To obtain Web addresses of colleges I have relied on college admission officers who told me directly about their colleges' policies,
on the books mentioned on this site's Books on College and Financial Aid page,
and on the U.S. Universities
alphabetical list maintained by
the University of Texas at Austin (http://www.utexas.edu/world/univ/alpha/).
The Home School Friendly Colleges
site of college advertisements serves as a second-source for confirming some colleges that admit homeschoolers.
Thanks to all who have written previously with names of colleges known to have admitted home-schooled children, or who have set up links to this page.
A special thank you to Kenneth Danford of Pathfinder Learning Center in Massachusetts, who sent me a copy of his study of university admission of homeschoolers,
which was reported on in the November-December 1997 issue of
Growing Without Schooling
magazine.
If you know of any other organizations that track the issue of home-schooled youth applying to postsecondary schools, please let me know.
I would be delighted to link to the Web pages of those organizations or otherwise share credit and information with them if they can help me confirm which colleges are admitting homeschoolers.
There are higher education admission officers who see the need for independent, objective research projects on the college experiences of homeschoolers. I strongly encourage the use of this FAQ page to support such research projects and invite admission officers to contact me if they would like to participate in such research. I would be delighted to report the results of such research on this Colleges That Admit Homeschoolers FAQ page, and to list publications resulting from such research in my homeschooling bibliography, whatever the research results happen to be.
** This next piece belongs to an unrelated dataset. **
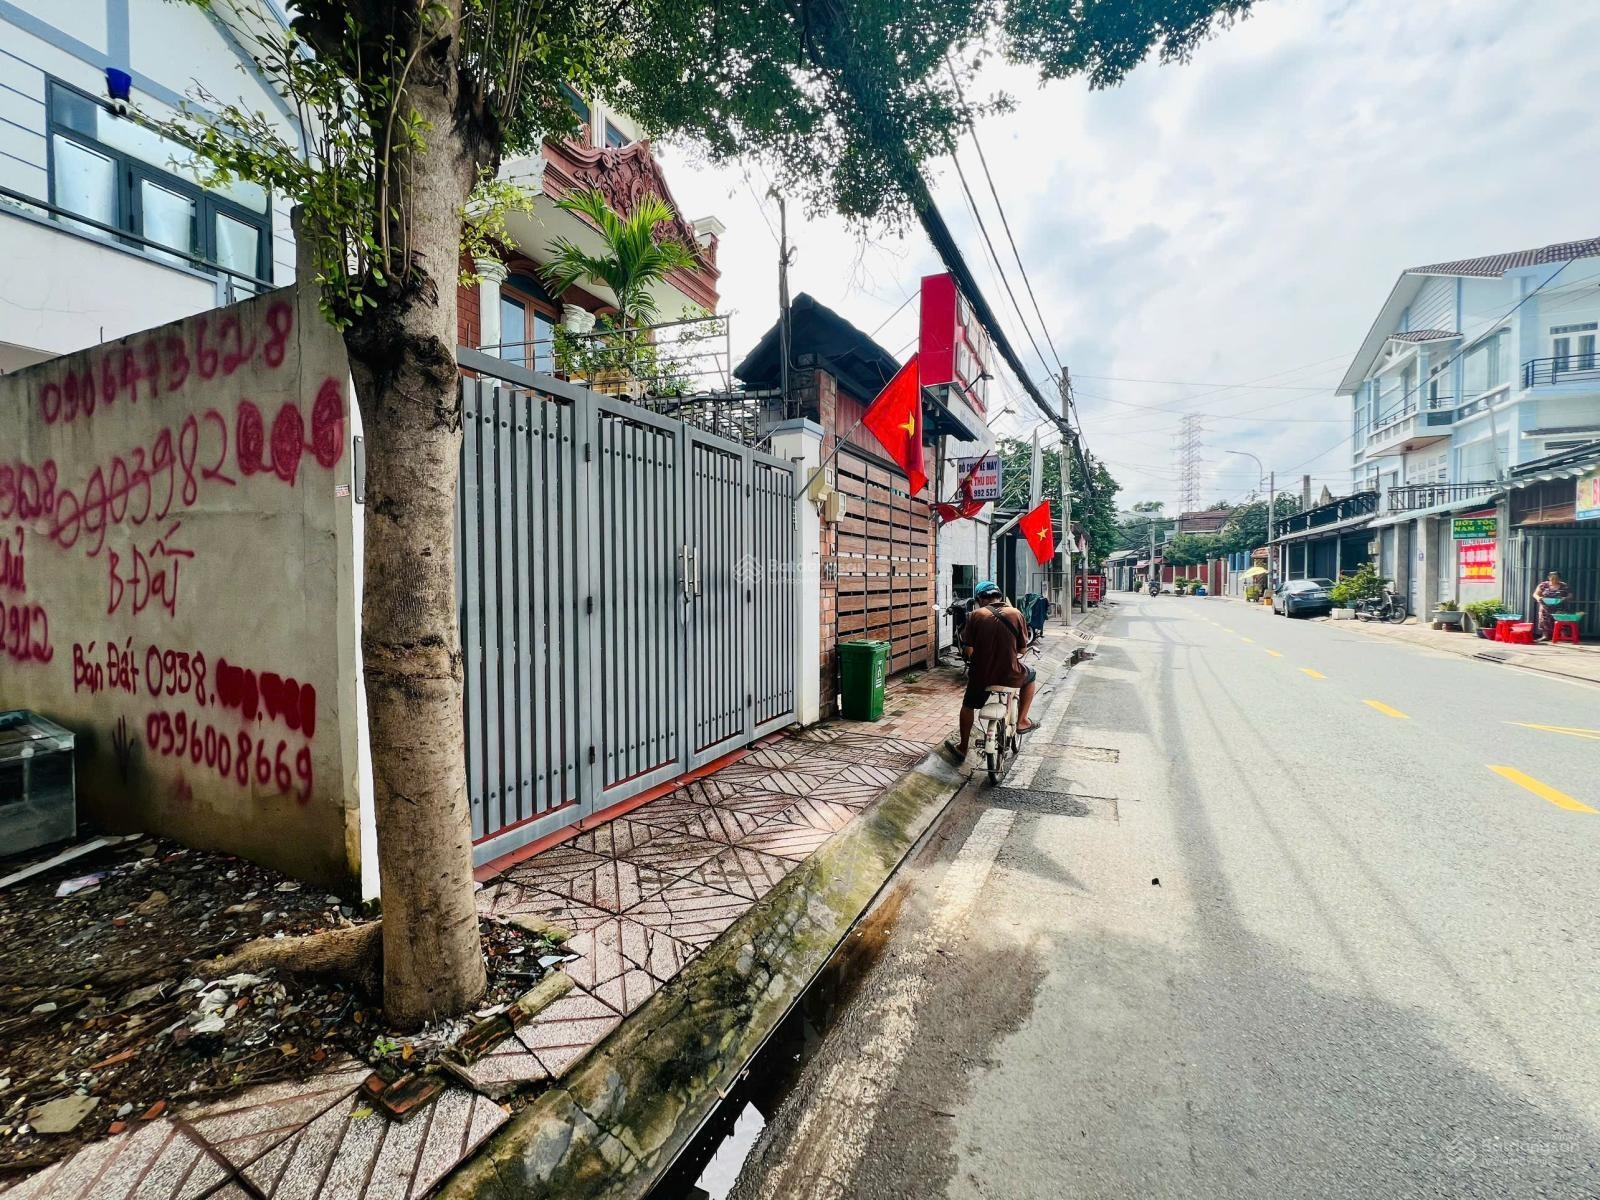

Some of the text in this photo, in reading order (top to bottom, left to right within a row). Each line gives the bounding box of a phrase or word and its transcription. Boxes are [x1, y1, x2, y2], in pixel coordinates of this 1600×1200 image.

Sources previously consulted, but eliminated from this revision of this page, include
A completely different approach to rating colleges, which I don't find very plausible in its current version but is an important attempt to rate by useful criteria,
is that of the Templeton Foundation Honor Roll for Character-Building Colleges
.
There has been an on-line response to annual college ratings
posted on the soc.college.admissions
Usenet newsgroup,
which I think is thought-provoking, and may cause you to think twice about some methods of rating colleges.
Check the link to see whether or not you agree with the college ratings you read about in magazines.
If you just want a large database of colleges, organized by criteria that you may be interested in, take a look at the United States federal government's
IPEDS College Opportunities On-Line
site with its database of 9,000 colleges.
Another site that is developing a searchable database of colleges, based on characteristics applicants may be interested in, is
College Board Online
,
the Web site of the hundred-year-old consortium of colleges that publishes the The College Handbook 2000
and administers the SAT, CLEP, and AP testing programs.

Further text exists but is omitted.